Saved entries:
* * * * * * * * *
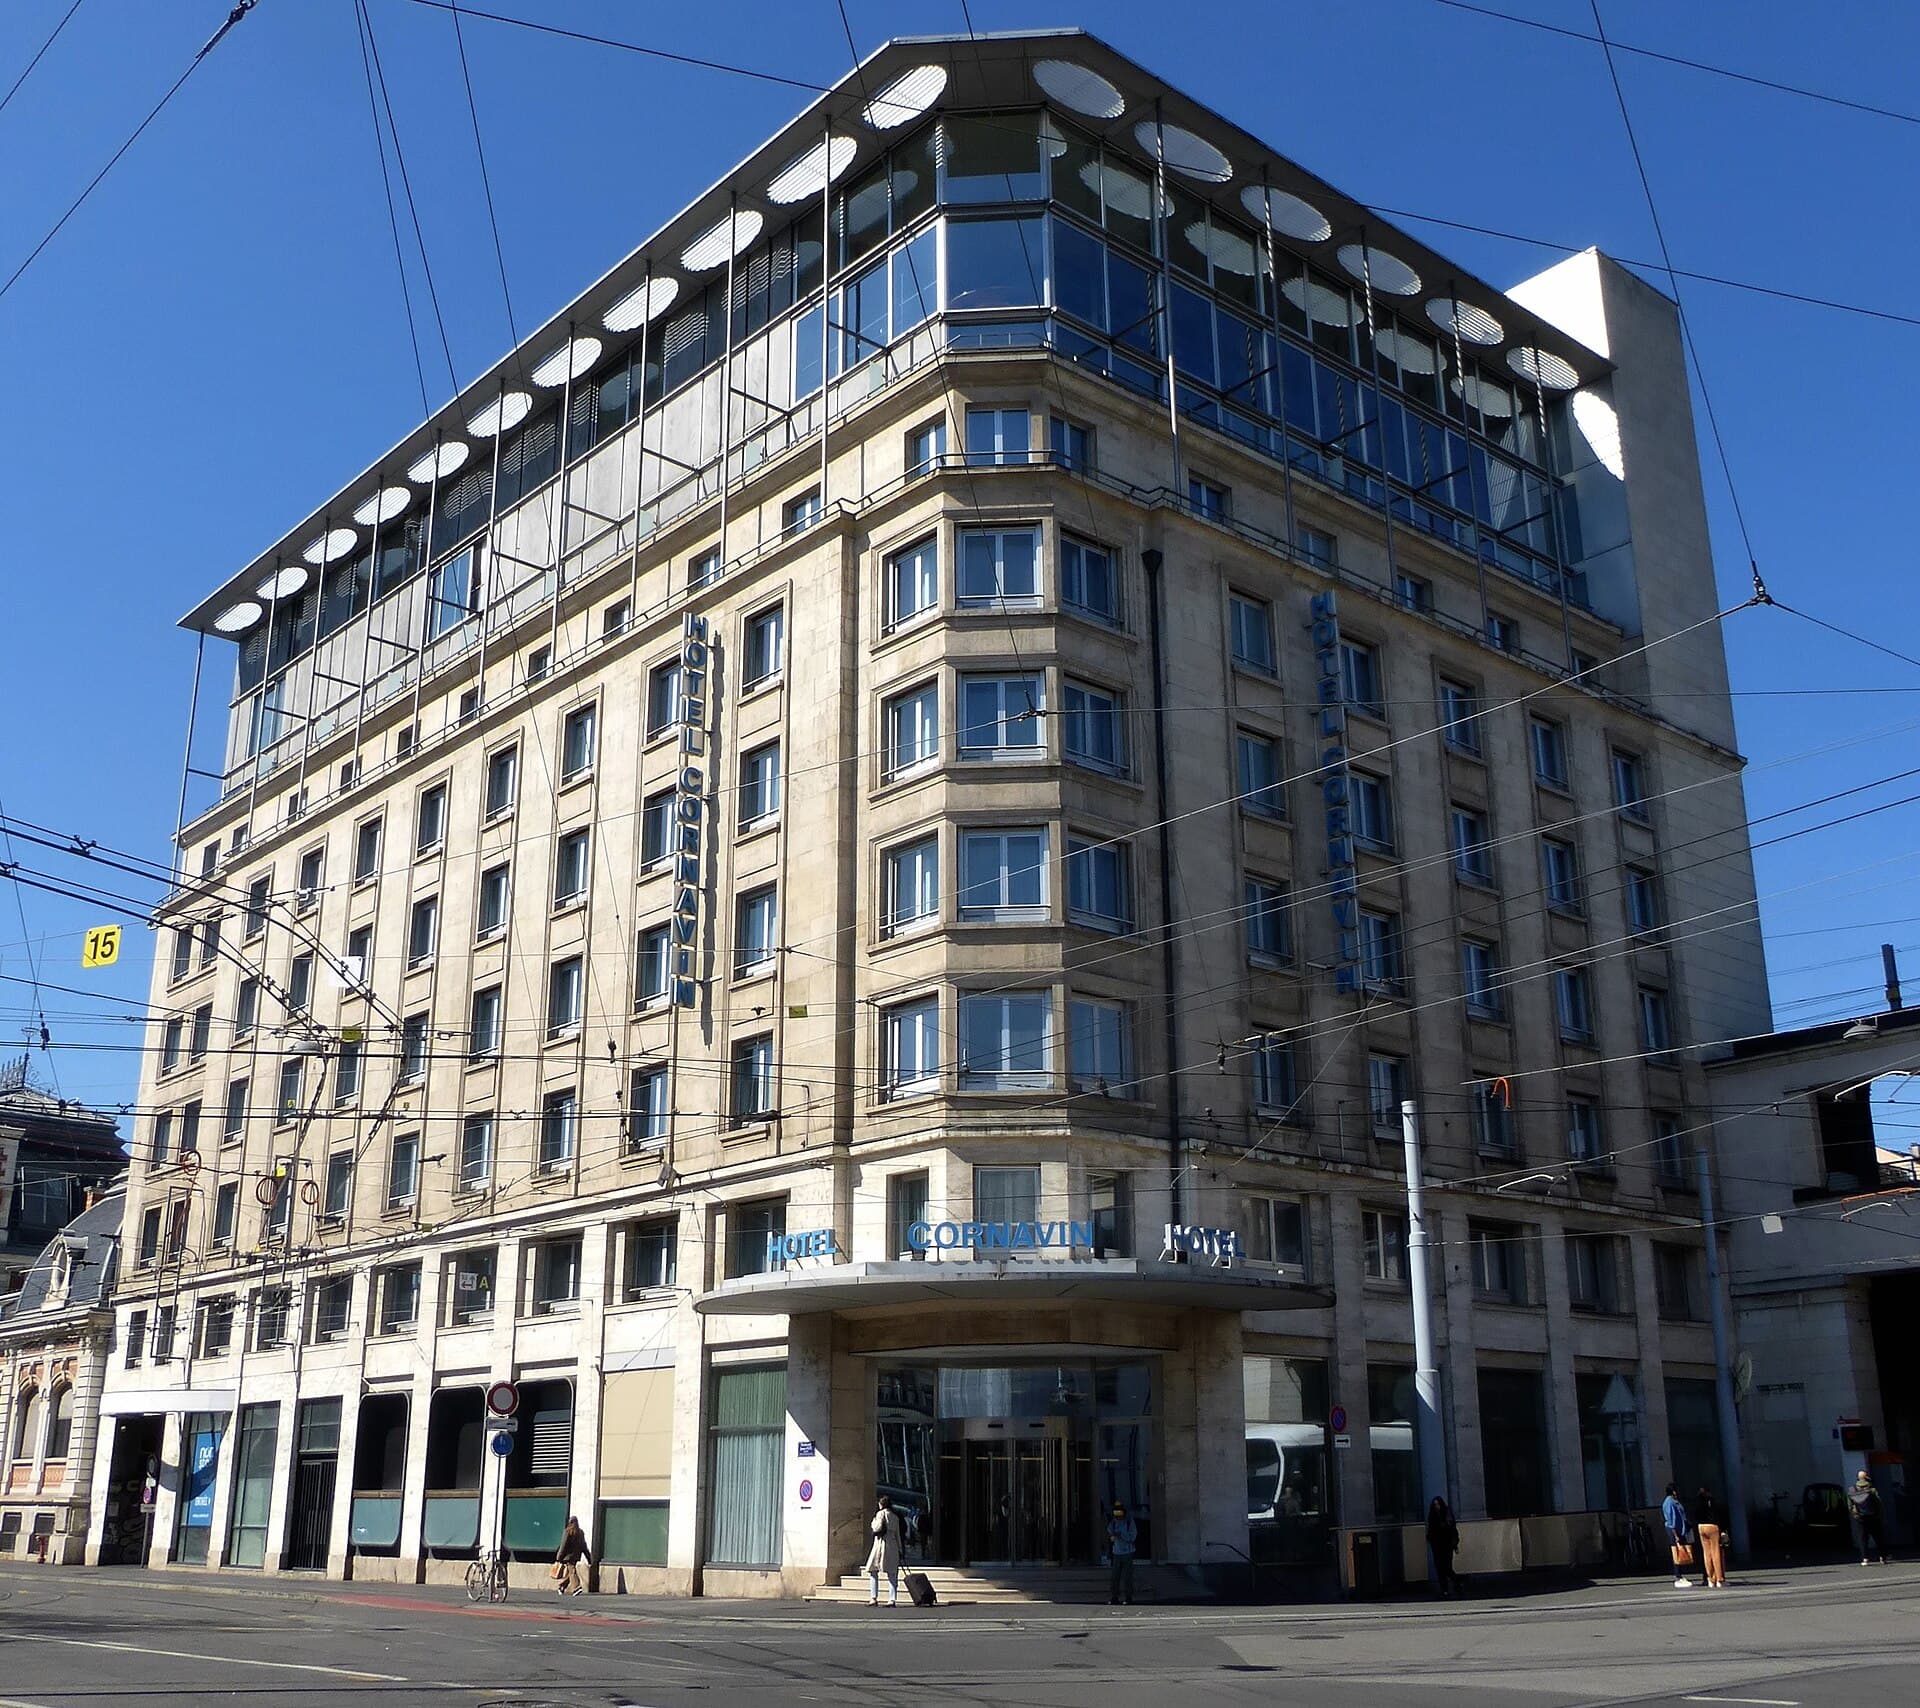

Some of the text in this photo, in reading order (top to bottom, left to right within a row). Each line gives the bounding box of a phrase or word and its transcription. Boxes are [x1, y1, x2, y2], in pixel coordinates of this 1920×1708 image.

[671, 611, 708, 1009] HOTEL CORNAVIN
[1311, 591, 1362, 994] HOTEL CORNAVIN
[90, 931, 116, 960] 15
[768, 1228, 837, 1263] HOTEL
[908, 1221, 1094, 1250] CORNAVIN
[1165, 1223, 1248, 1258] HOTEL
[479, 1275, 489, 1289] A
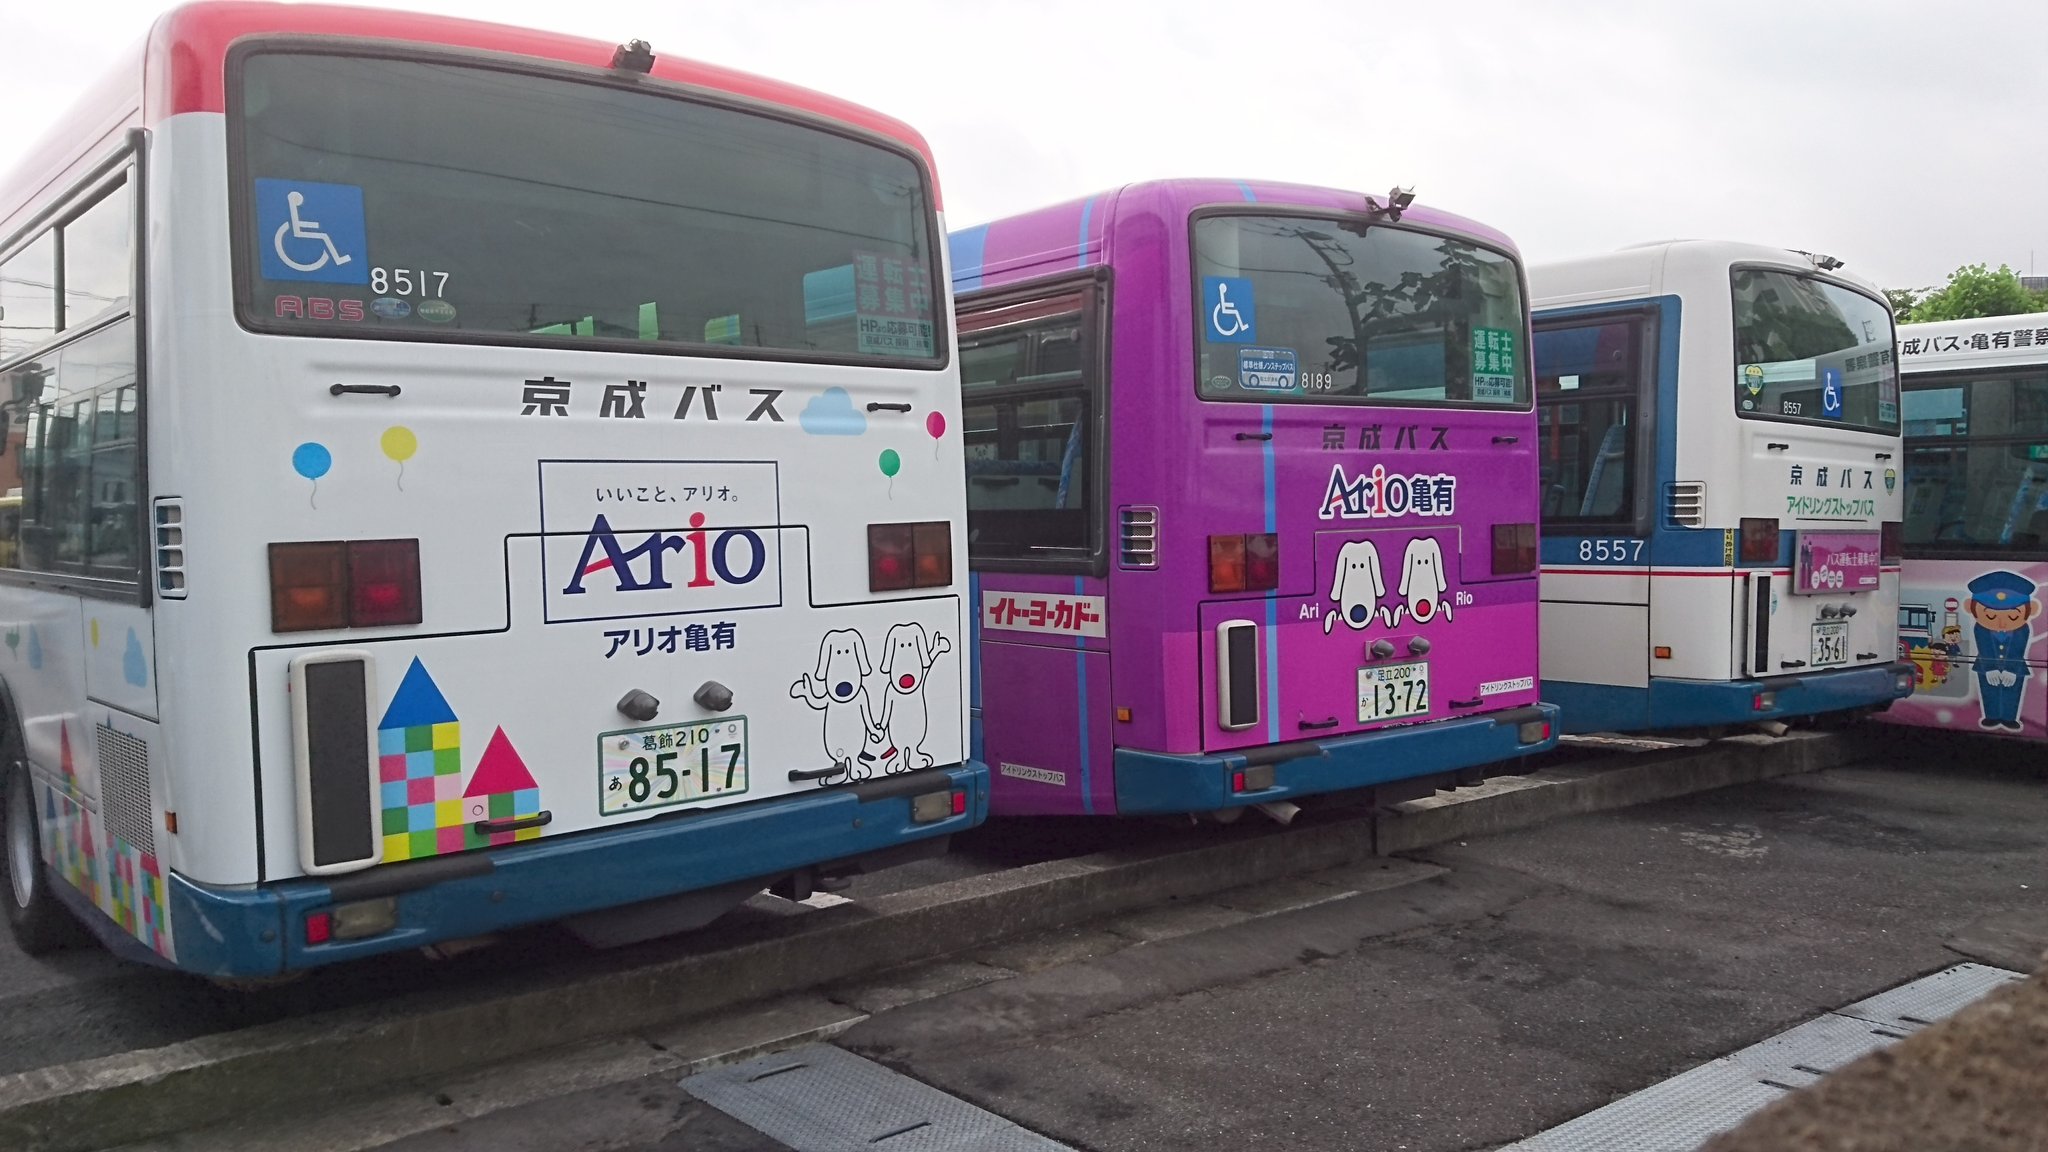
* * * * * * * * *
Exercise aim — When you copy the data above, reproduce each line exactly and skip every image.

Result of the exercise —
Some of the text in this photo, in reading order (top to bottom, left to right within a row). Each line gives the bounding box of a phrase or word and its transcription. Boxes are [x1, y1, x2, y2], in pixel coordinates of this 1920×1708 image.

[671, 611, 708, 1009] HOTEL CORNAVIN
[1311, 591, 1362, 994] HOTEL CORNAVIN
[90, 931, 116, 960] 15
[768, 1228, 837, 1263] HOTEL
[908, 1221, 1094, 1250] CORNAVIN
[1165, 1223, 1248, 1258] HOTEL
[479, 1275, 489, 1289] A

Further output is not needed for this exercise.